Acido urico, ipertensione e losartan: i 10 punti chiave


Perché l’acido urico peggiora l’ipertensione? Quali sono gli effetti di losartan? Lo spiegano il prof. Claudio Borghi e il prof. Roberto Pontremoli

Prevenzione cardiovascolare: studi evidenziano una maggiore efficacia antipertensiva di losartan grazie al suo effetto uricosurico ancillare

Nel corso dell’incontro virtuale “Losartan ed effetto uricosurico”, è stato ampiamente evidenziato il rapporto esistente tra iperuricemia e ipertensione arteriosa, da un lato, e, dall’altro, il ruolo di losartan, antagonista del recettore II dell’angiotensina con importante ruolo ancillare ipouricemizzante. Essendo i farmaci indicarti per la riduzione dell’iperuricemia asintomatica e della gotta appartenenti a un’altra classe di farmaci, losartan acquista un valore nei pazienti con ipertensione iperuricemico.

Al termine dell’evento, il prof. Claudio Borghi, ordinario di Medicina Interna dell’Università di Bologna, e il prof. Roberto Pontremoli, ordinario di ordinario di Nefrologia dell’Università di Genova, hanno voluto approfondire l’argomento rispondendo a 10 domande chiave.

1) Perché l’acido urico peggiora l’ipertensione e quali sono i valori soglia per intervenire?
I principali meccanismi di interazione tra acido urico e ipertensione arteriosa possono essere riassunti nei seguenti punti (vedi Tabella 1):


Tabella 1 – Possibili meccanismi di interazione tra acido urico e ipertensione arteriosa

  • una possibile combinazione con altri fattori di rischio nello stesso soggetto;
  • il deposito di urato a livello della parete dei vasi, che potrebbe cambiare il loro calibro contribuendo quindi allo sviluppo di ipertensione, nonostante sia noto che l’ipertensione si sviluppa per livelli molto inferiori a quelli di deposizione dell’acido urico;
  • il ruolo giocato dalla predisposizione genetica che può essere sostanziale; non tenuta in considerazione per lunghi anni oggi tale fattore è ritornato in primo piano sulla base di alcune evidenze che potrebbero avere ricadute vantaggiose anche in termini terapeutici;
  • il danno renale subclinico, ovviamente (occorre però specificare che nei pazienti nei quali l’aumento dell’acido urico avviene per questo motivo, non si realizzano quelle condizioni di interazioni fra uricemia e ipertensione alle quali facciamo riferimento, pur essendo questa una popolazione di pazienti che trae un notevole beneficio dal trattamento con losartan, che ha anche una capacità rilevante di protezione renale;
  • l’aumento dello stress ossidativo, che al momento costituisce l’ipotesi più accreditata, è generato dalla produzione di acido urico attraverso l’attivazione della xantina ossidasi; ciò fa sì che lo stesso acido urico prodotto in eccesso circoli in maniera proporzionale rispetto all’attivazione della xantina ossidasi stessa.
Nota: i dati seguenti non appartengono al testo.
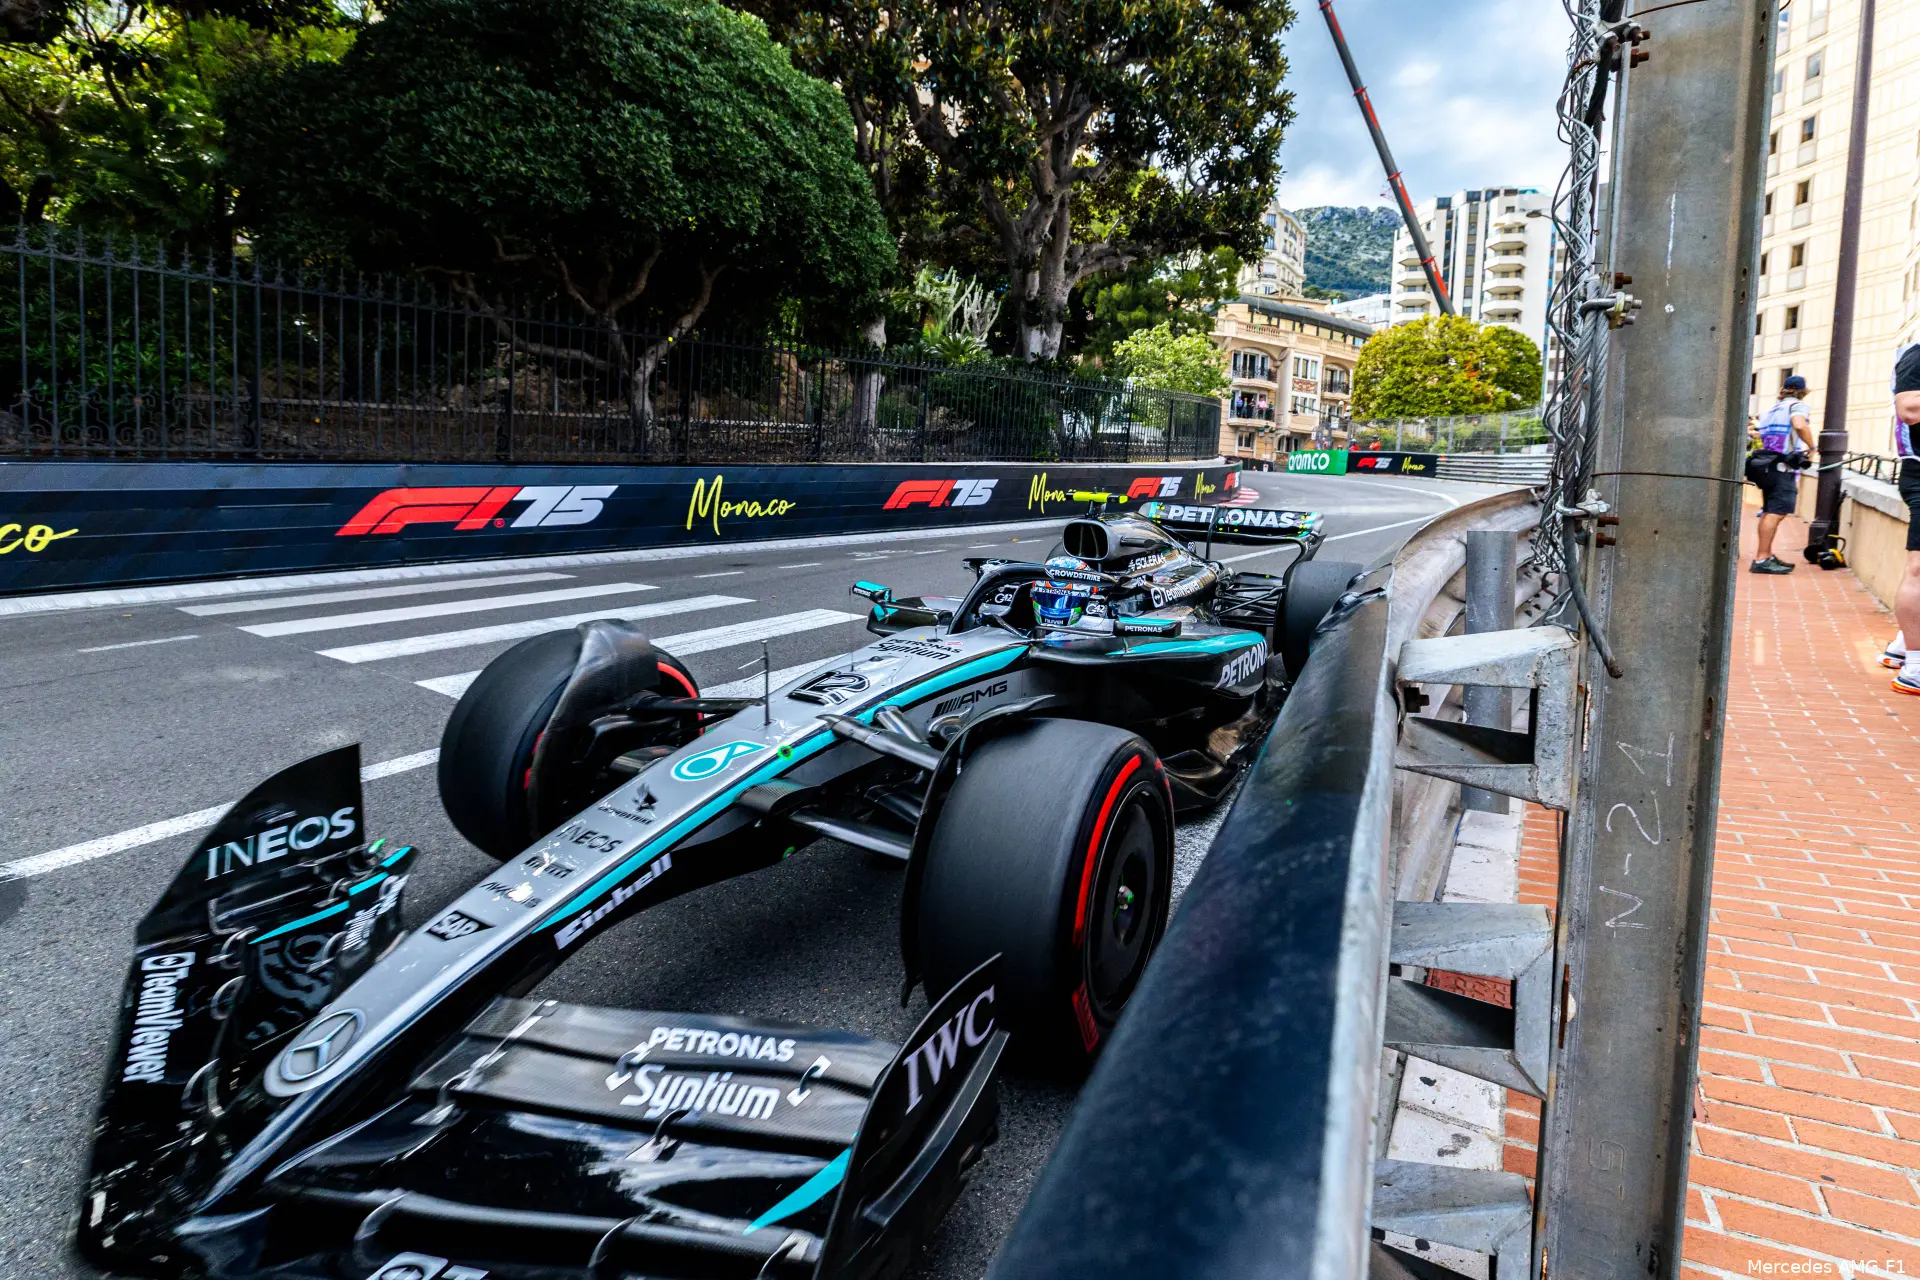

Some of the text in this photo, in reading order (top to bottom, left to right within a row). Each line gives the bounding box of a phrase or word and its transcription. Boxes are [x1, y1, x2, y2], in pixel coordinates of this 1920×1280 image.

Riguardo i livelli di intervento, per molto tempo si è usato come riferimento la reumatologia, per cui si pensava che anche in ambito cardiovascolare i livelli potenzialmente pericolosi fossero superiori a 6,5 o addirittura a 7 mg/dl. I dati di uno studio olandese invece mostrano chiaramente come il rischio relativo legato all’aumento dei livelli di acido urico sia osservabile per livelli superiori a 5,4 mg/dl, molto al di sotto di quello suggerito dalle linee guida di tipo reumatologiche e altamente frequente, al contrario, nei soggetti ipertesi.

2) Con quale meccanismo losartan riduce i livelli di acido urico, e di quanto?
Losartan è capace di indurre un aumento dell’escrezione urinaria di acido urico e di conseguenza una riduzione dei valori di uricemia, in quanto inibisce l’attività di Urat1, trasportatore tubulare renale che riassorbe l’acido urico. Quando si inibisce questo trasportatore, aumenta l’escrezione urinaria di acido urico e ne consegue una riduzione dell’uricemia.

Uno studio ha mostrato come, nei pazienti che avevano varie condizioni genetiche, incluso un sottogruppo di pazienti che aveva una forma di iperuricemia con un’alterazione del trasportatore Urat1, l’utilizzo di candesartan non modificava i livelli di acido urico, quelli di losartan ne aumentava l’escrezione urinaria; con benzbromarone, un farmaco uricosurico un tempo usato come ipouricemizzante, che ha la caratteristica di inibire Urat1 e di provocare l’aumento dell’escrezione urinaria di acido urico: lo stesso effetto si ottiene, in misura minore ma sempre statisticamente significativa, con losartan.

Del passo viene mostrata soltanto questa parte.